Albertsons Boise Open

Tournament information
- Location: Boise, Idaho
- Established: 1990
- Course: Hillcrest Country Club
- Par: 71
- Length: 6,726 yards (6,150 m)
- Tour: Korn Ferry Tour
- Format: Stroke play
- Prize fund: $1,000,000
- Month played: August

Tournament record score
- Aggregate: 256 Martin Piller (2015) 256 Chan Kim (2023)
- To par: −28 as above

Current champion
- Ross Steelman

Location map
- Hillcrest CC Location in the United States Hillcrest CC Location in Idaho

= Albertsons Boise Open =

Professional golf tournament in the United States

The Albertsons Boise Open is a professional golf tournament in Idaho on the Korn Ferry Tour, played annually at Hillcrest Country Club in Boise. Held in mid-September for its first 23 years, the new September playoff schedule of the Web.com Tour in 2013 moved the Boise event up to late July. The event returned to mid-September in 2016, and became part of the Web.com Tour Finals as the penultimate event. The schedule was revised for 2019 and it moved to late August.

==History==
The tournament has been played every year since 1990, the first year of the tour, then known as the Ben Hogan Tour.
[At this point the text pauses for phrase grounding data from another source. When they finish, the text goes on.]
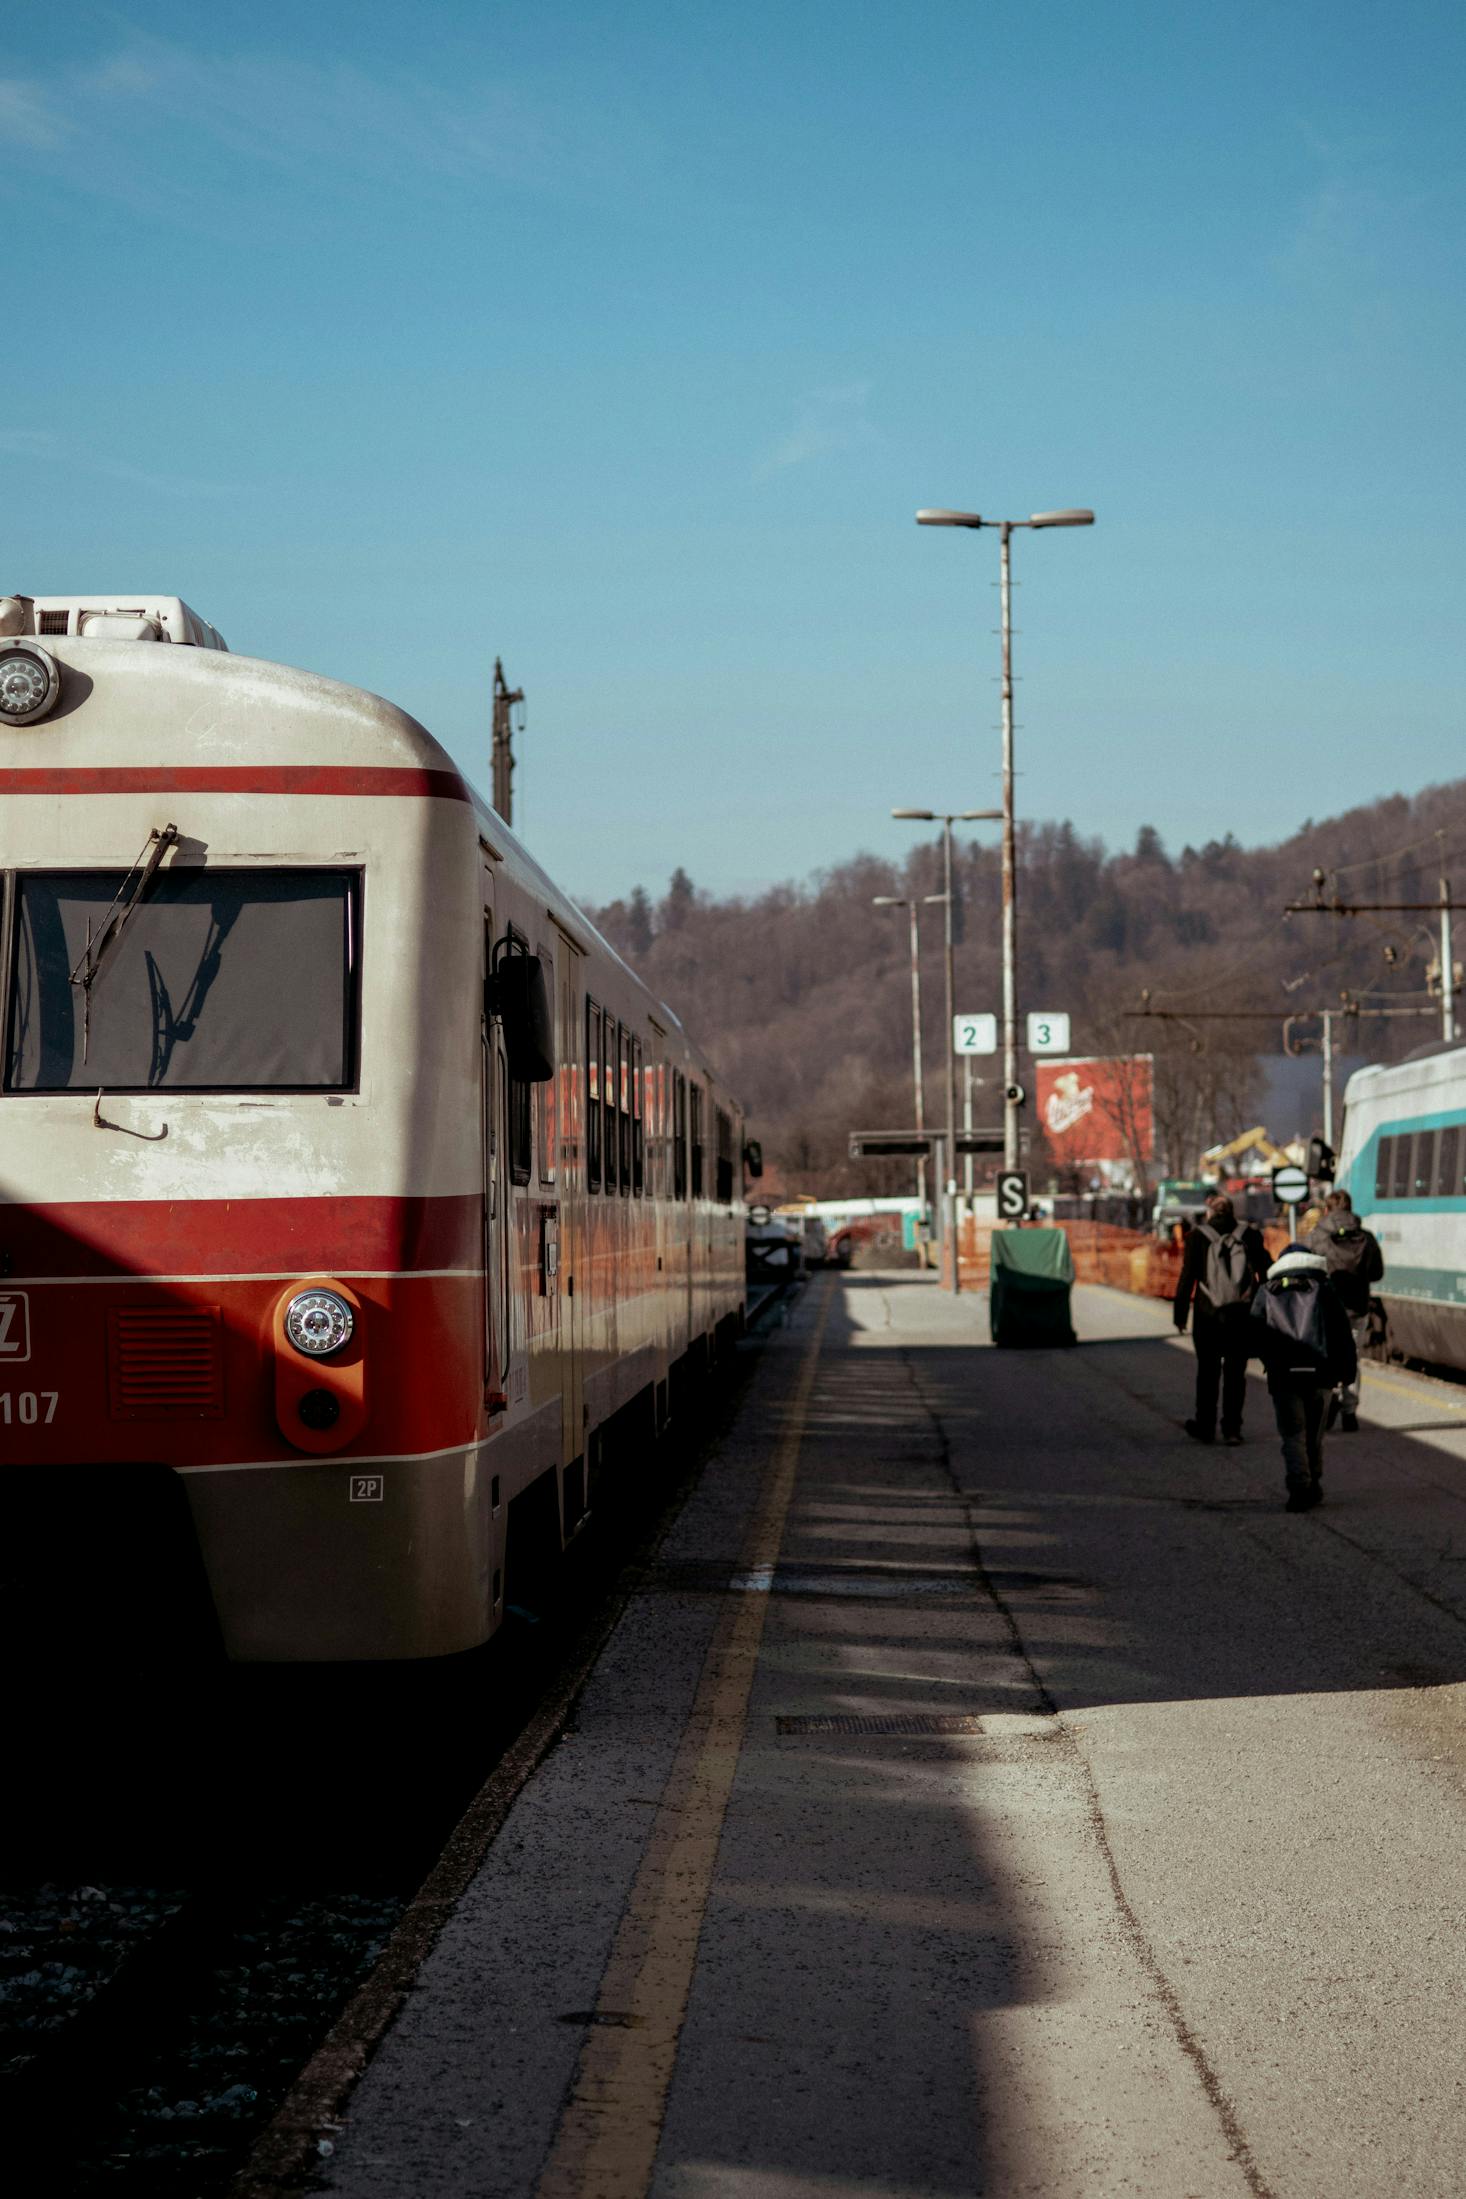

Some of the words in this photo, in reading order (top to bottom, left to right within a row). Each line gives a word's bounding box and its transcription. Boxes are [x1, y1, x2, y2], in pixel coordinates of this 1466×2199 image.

[963, 1026, 977, 1046] 2
[1037, 1024, 1051, 1045] 3
[1002, 1176, 1024, 1215] S
[0, 1391, 59, 1424] 107
[357, 1480, 377, 1497] 2P
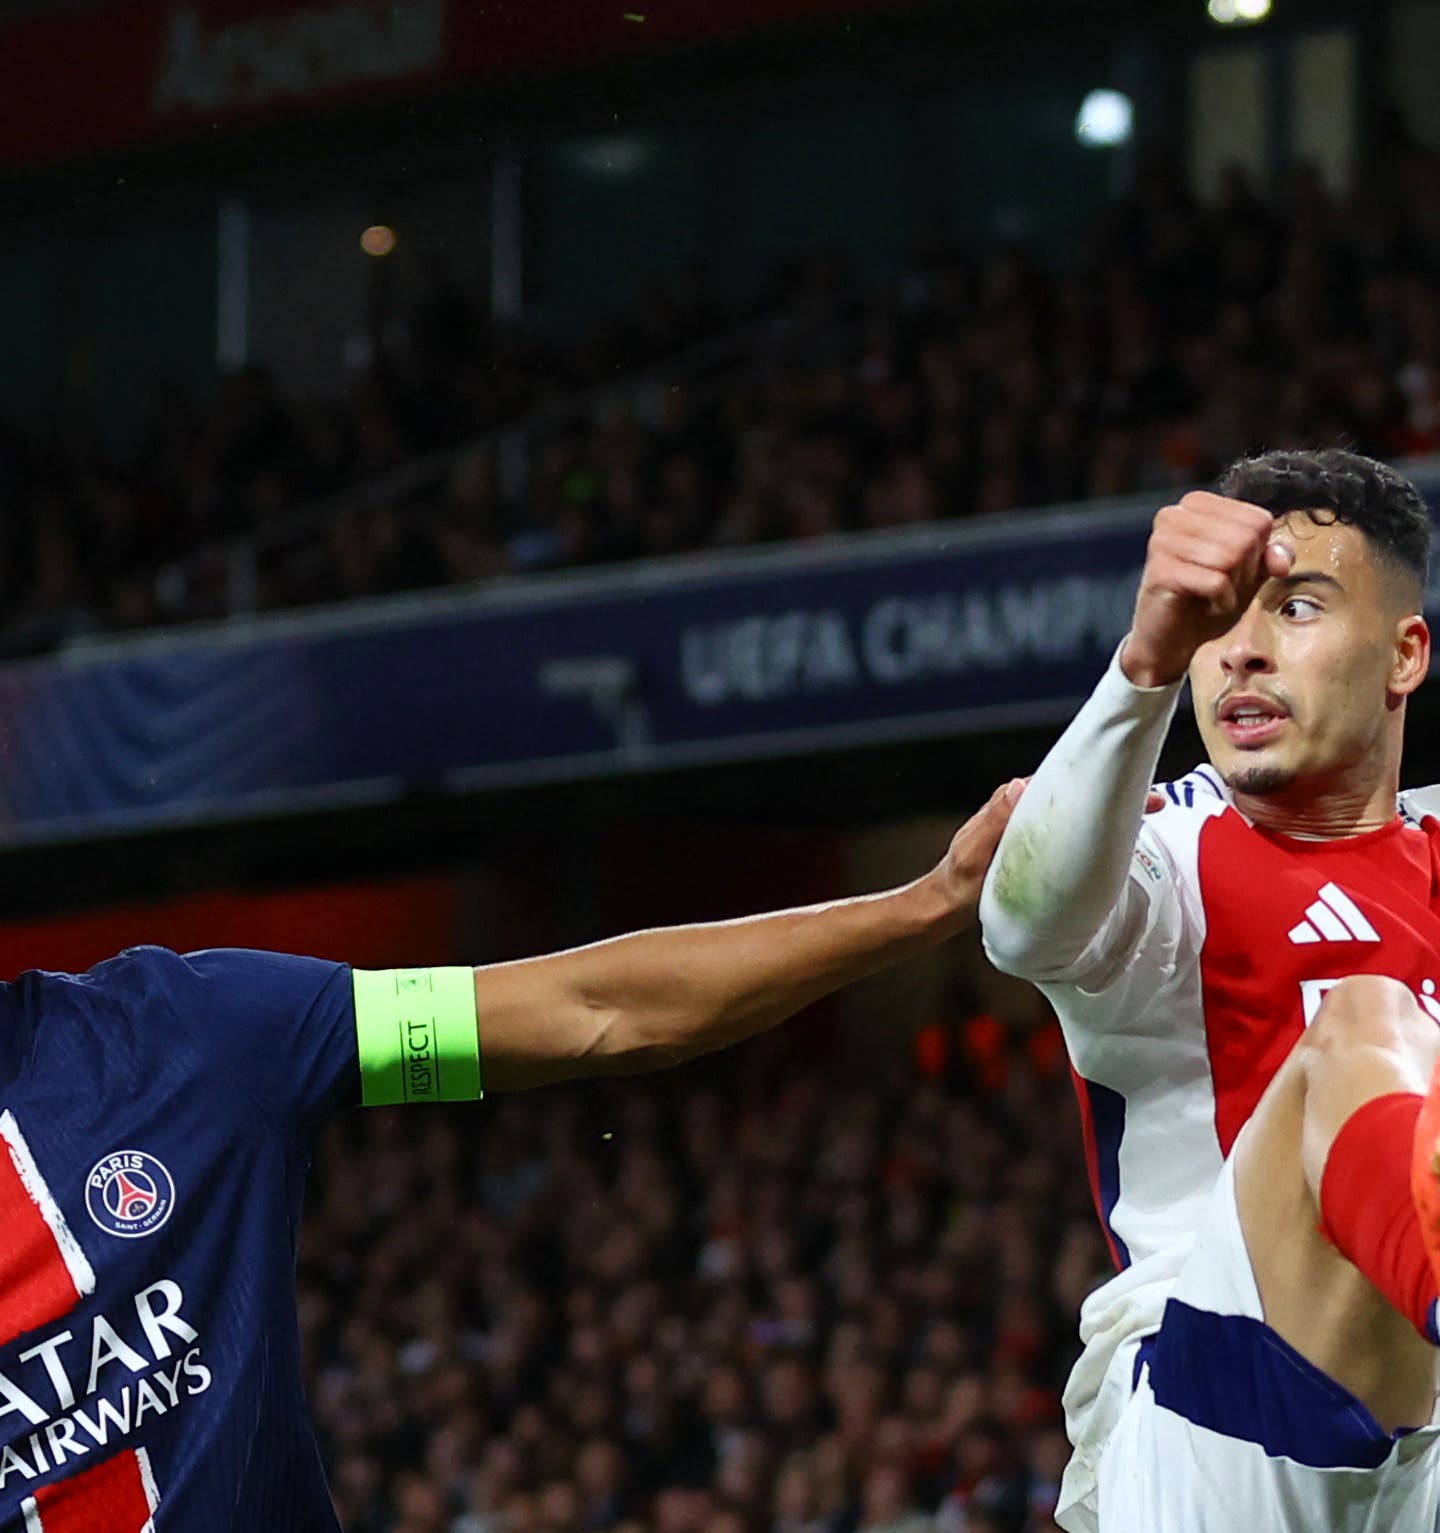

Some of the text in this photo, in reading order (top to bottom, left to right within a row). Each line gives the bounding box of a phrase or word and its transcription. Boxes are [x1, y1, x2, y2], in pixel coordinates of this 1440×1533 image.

[679, 606, 856, 706] UEFA
[862, 572, 1148, 685] CHAMPI
[90, 1154, 144, 1189] PARIS
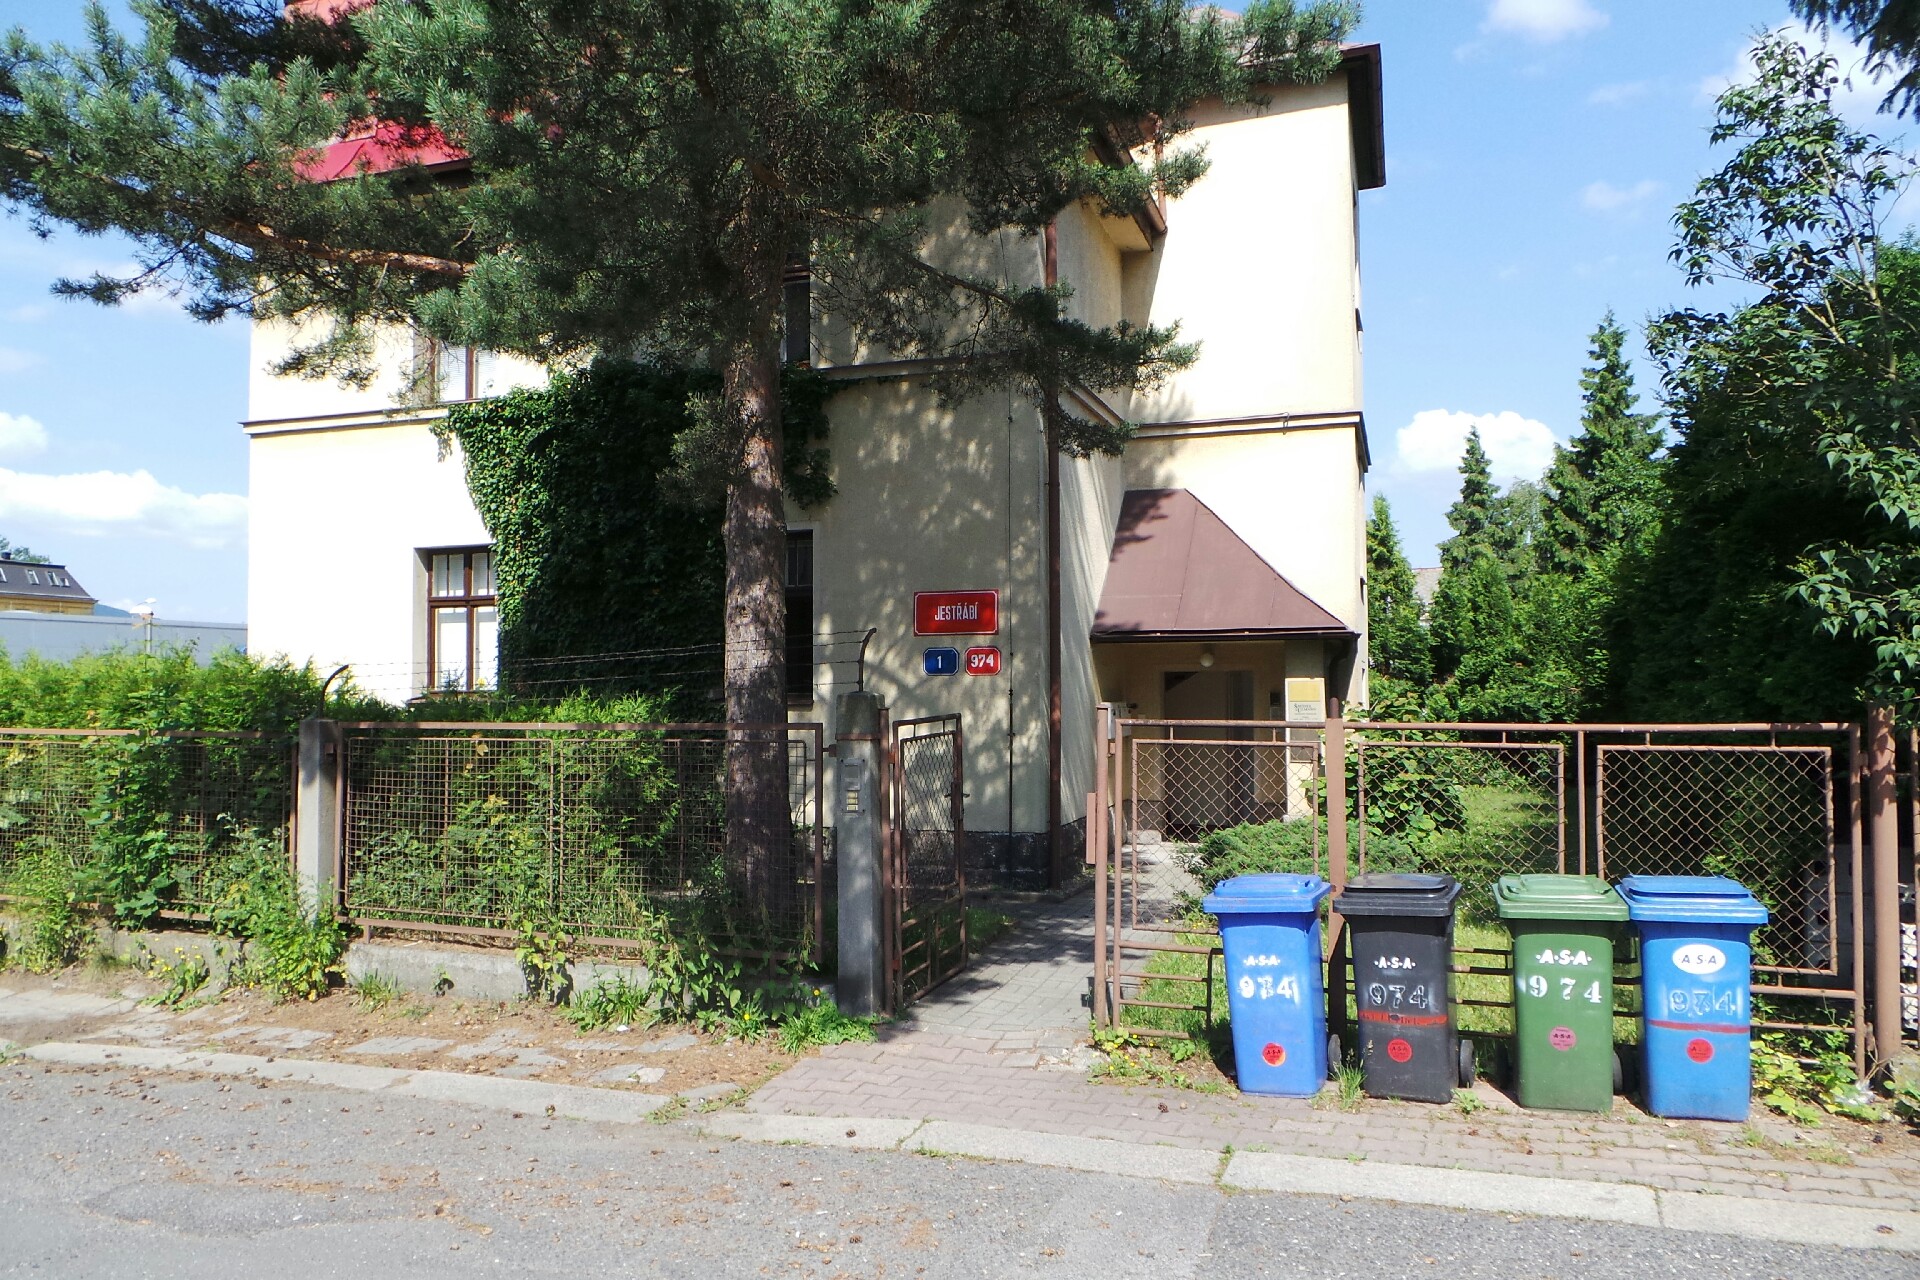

It is one of four original tournaments on the current schedule. Future notable names in the top 20 that first year were Tom Lehman, John Daly, Jeff Maggert, and Stephen Ames; David Toms made the cut.

Golf has been played on the site since the 1920s, originally named Idaho Country Club. Established in 1940, Hillcrest Country Club has been the only home of the tournament since its inception. The Boise Open was a 54-hole tournament for its first six years, a fourth round was added in 1996.

This stop in southwestern Idaho consistently offers one of the top purses on the Korn Ferry Tour; it was $1.5 million in 2023, with a winner's share of $270,000. The first purse in 1990 was $100,000, with a winner's share of $20,000; the first six-figure winner's share went to Tim Clark in 2000.

The 2003 event featured 13-year-old Michelle Wie, the youngest ever to play on the tour; she carded 78-76 and missed the cut by twelve strokes.

Chris Tidland shot 264 (−20) to win by four strokes in 2008; Fran Quinn shot 270 (−14) in 2009 with a birdie on the final hole to edge third round leader Blake Adams by a single stroke. Hunter Haas shot 263 (−21) in 2010 to win by one stroke over Daniel Summerhays.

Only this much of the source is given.